* **TRY IT**
For the records below, output word for word the lines from the one with "this 1366×1365 image." up to and including the one with "this 1512×1134 image.". No pictures.
━━━━━ DATA FOR REVIEW
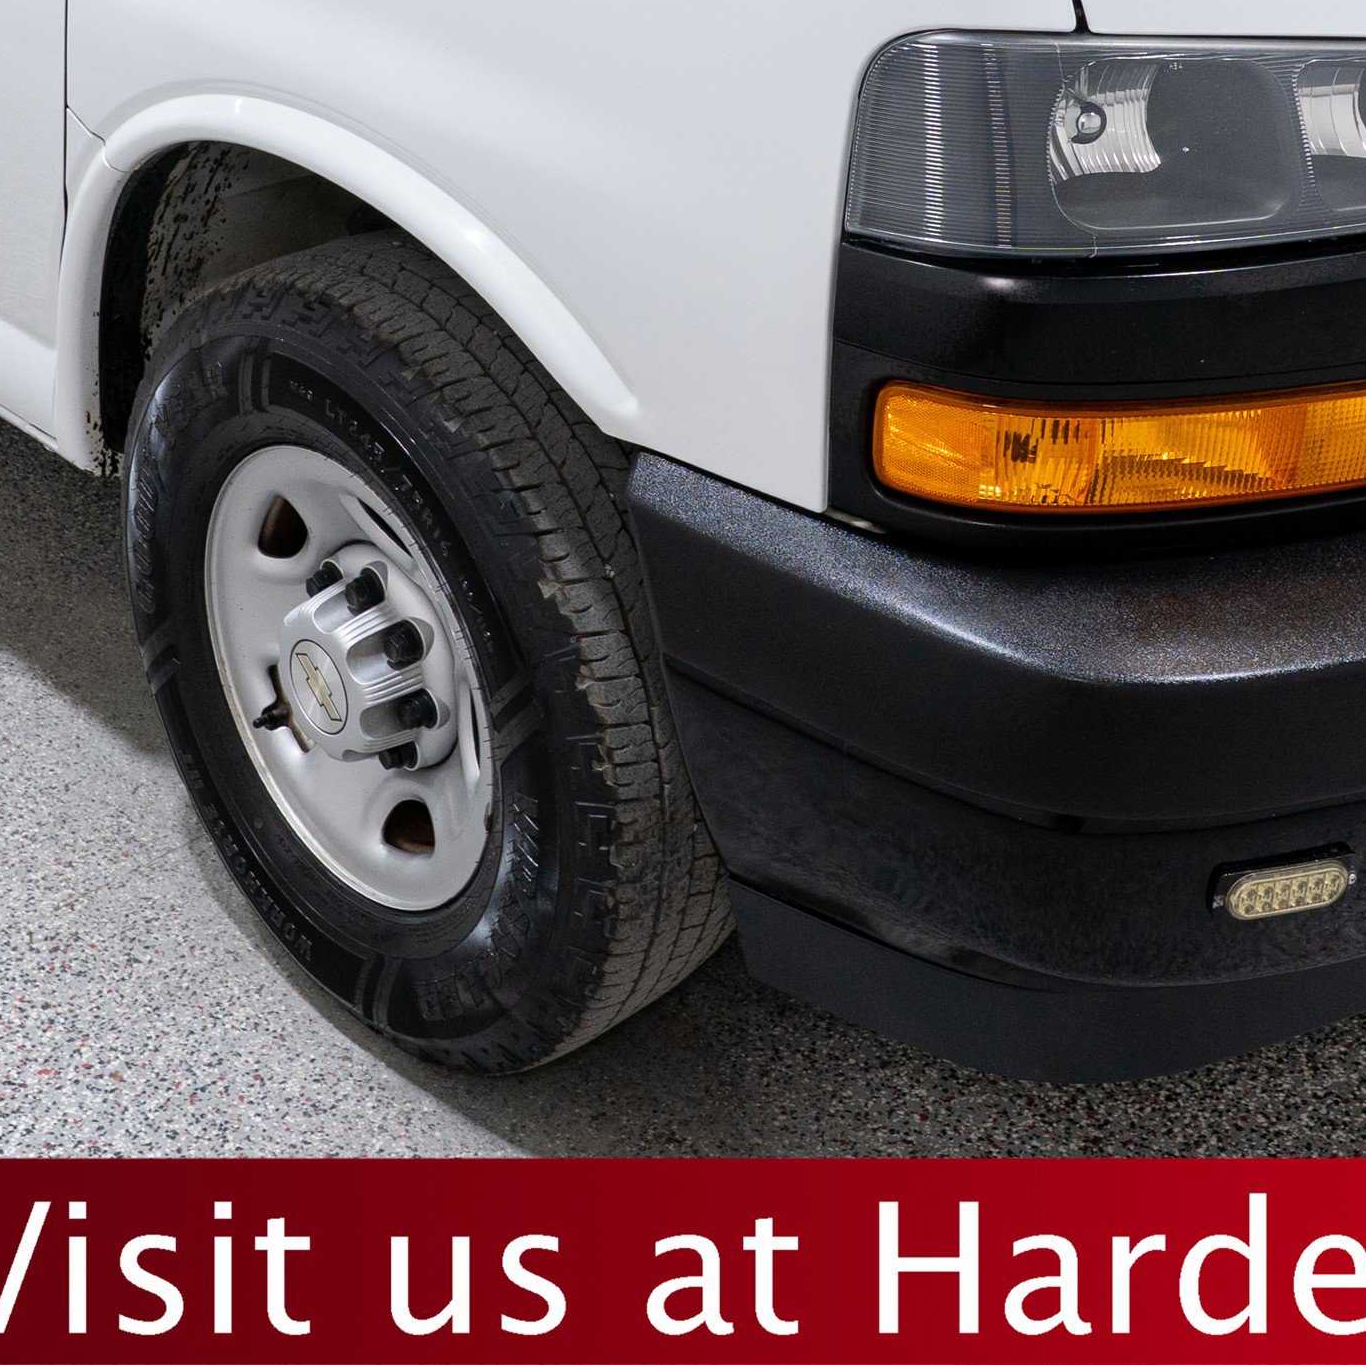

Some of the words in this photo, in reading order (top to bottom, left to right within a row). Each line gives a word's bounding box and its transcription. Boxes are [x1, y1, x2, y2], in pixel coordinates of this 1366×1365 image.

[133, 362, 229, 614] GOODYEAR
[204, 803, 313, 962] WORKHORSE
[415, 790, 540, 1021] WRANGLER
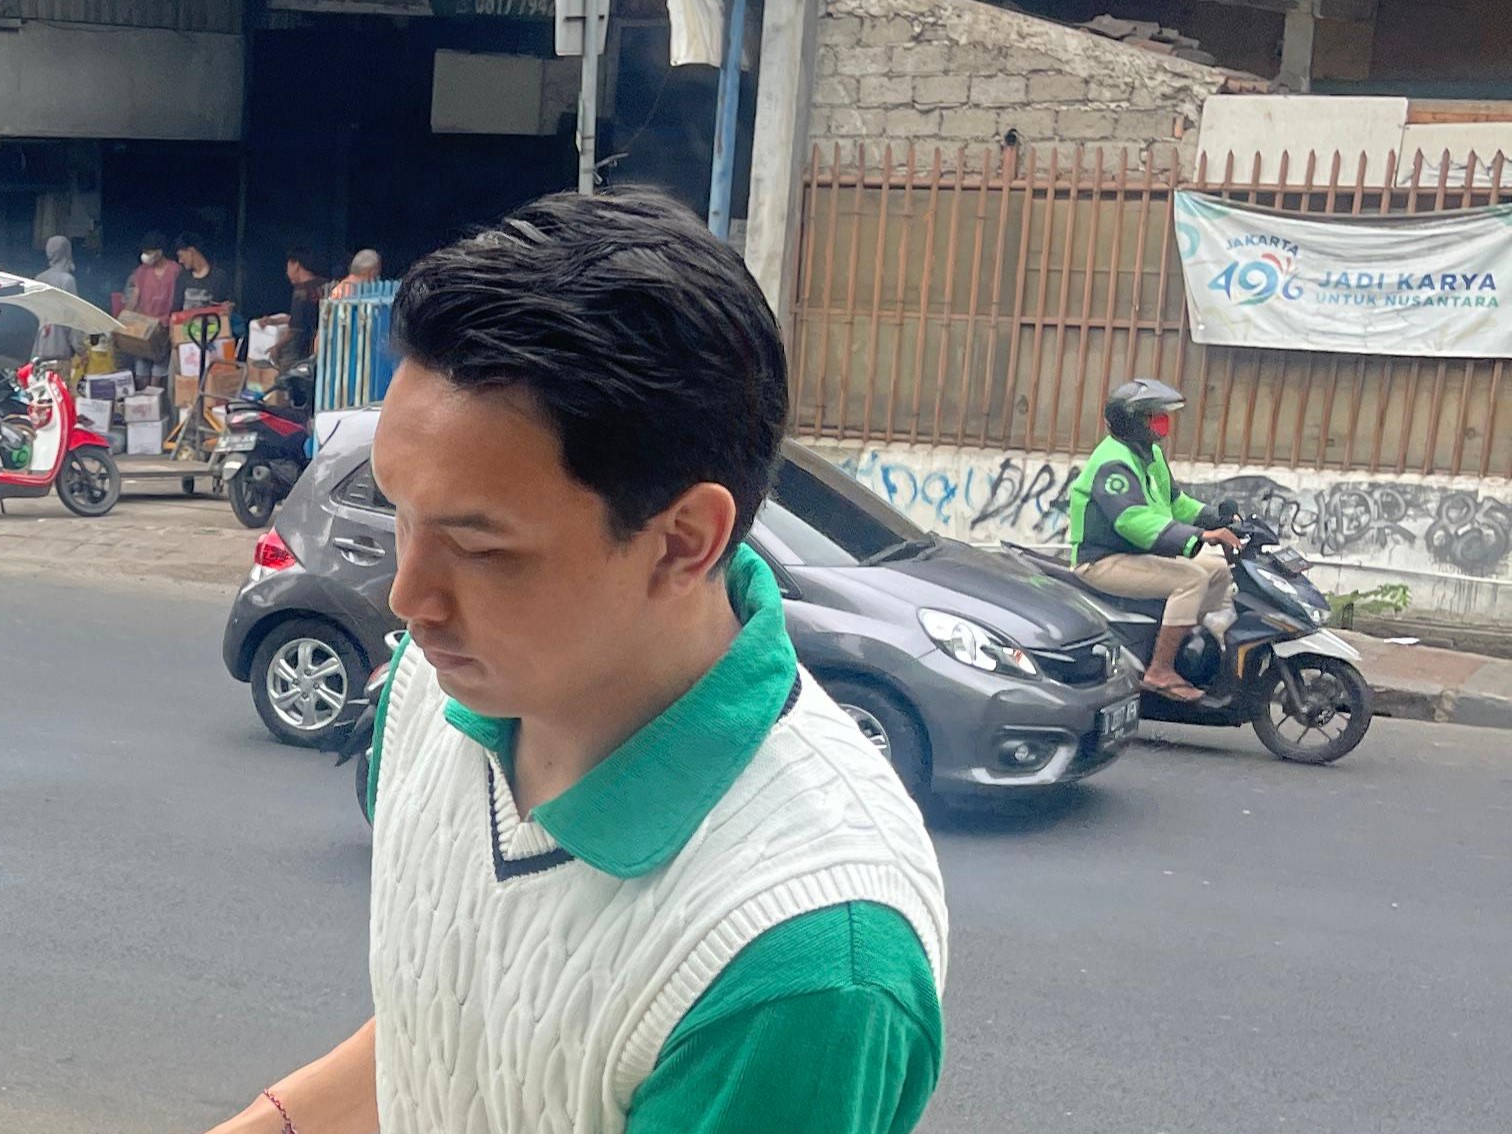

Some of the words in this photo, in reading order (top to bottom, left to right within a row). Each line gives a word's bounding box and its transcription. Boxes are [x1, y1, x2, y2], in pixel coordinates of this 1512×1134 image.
━━━━━━━━━━
━━━━━ DATA FOR REVIEW
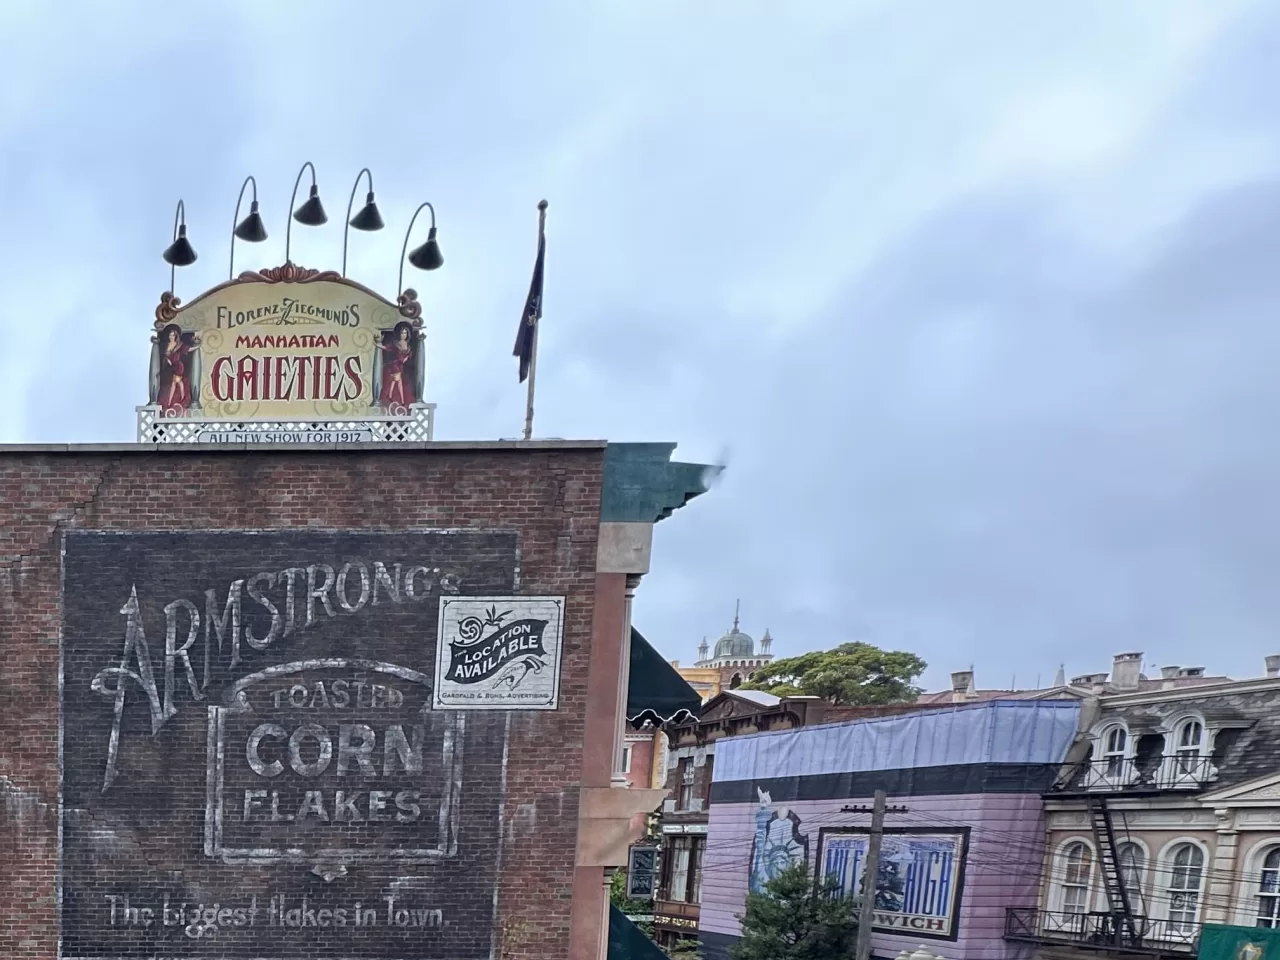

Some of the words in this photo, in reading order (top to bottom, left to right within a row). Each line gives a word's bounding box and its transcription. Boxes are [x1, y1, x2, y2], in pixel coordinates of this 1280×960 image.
━━━━━━━━━━
* **ANSWER TO THE EXERCISE**
Some of the words in this photo, in reading order (top to bottom, left to right within a row). Each line gives a word's bounding box and its transcription. Boxes are [x1, y1, x2, y2], in pixel coordinates of this 1366×1365 image.

[133, 362, 229, 614] GOODYEAR
[204, 803, 313, 962] WORKHORSE
[415, 790, 540, 1021] WRANGLER

Some of the words in this photo, in reading order (top to bottom, left to right within a row). Each line gives a word's bounding box and its transcription. Boxes are [x1, y1, x2, y2], in pixel coordinates of this 1512×1134 image.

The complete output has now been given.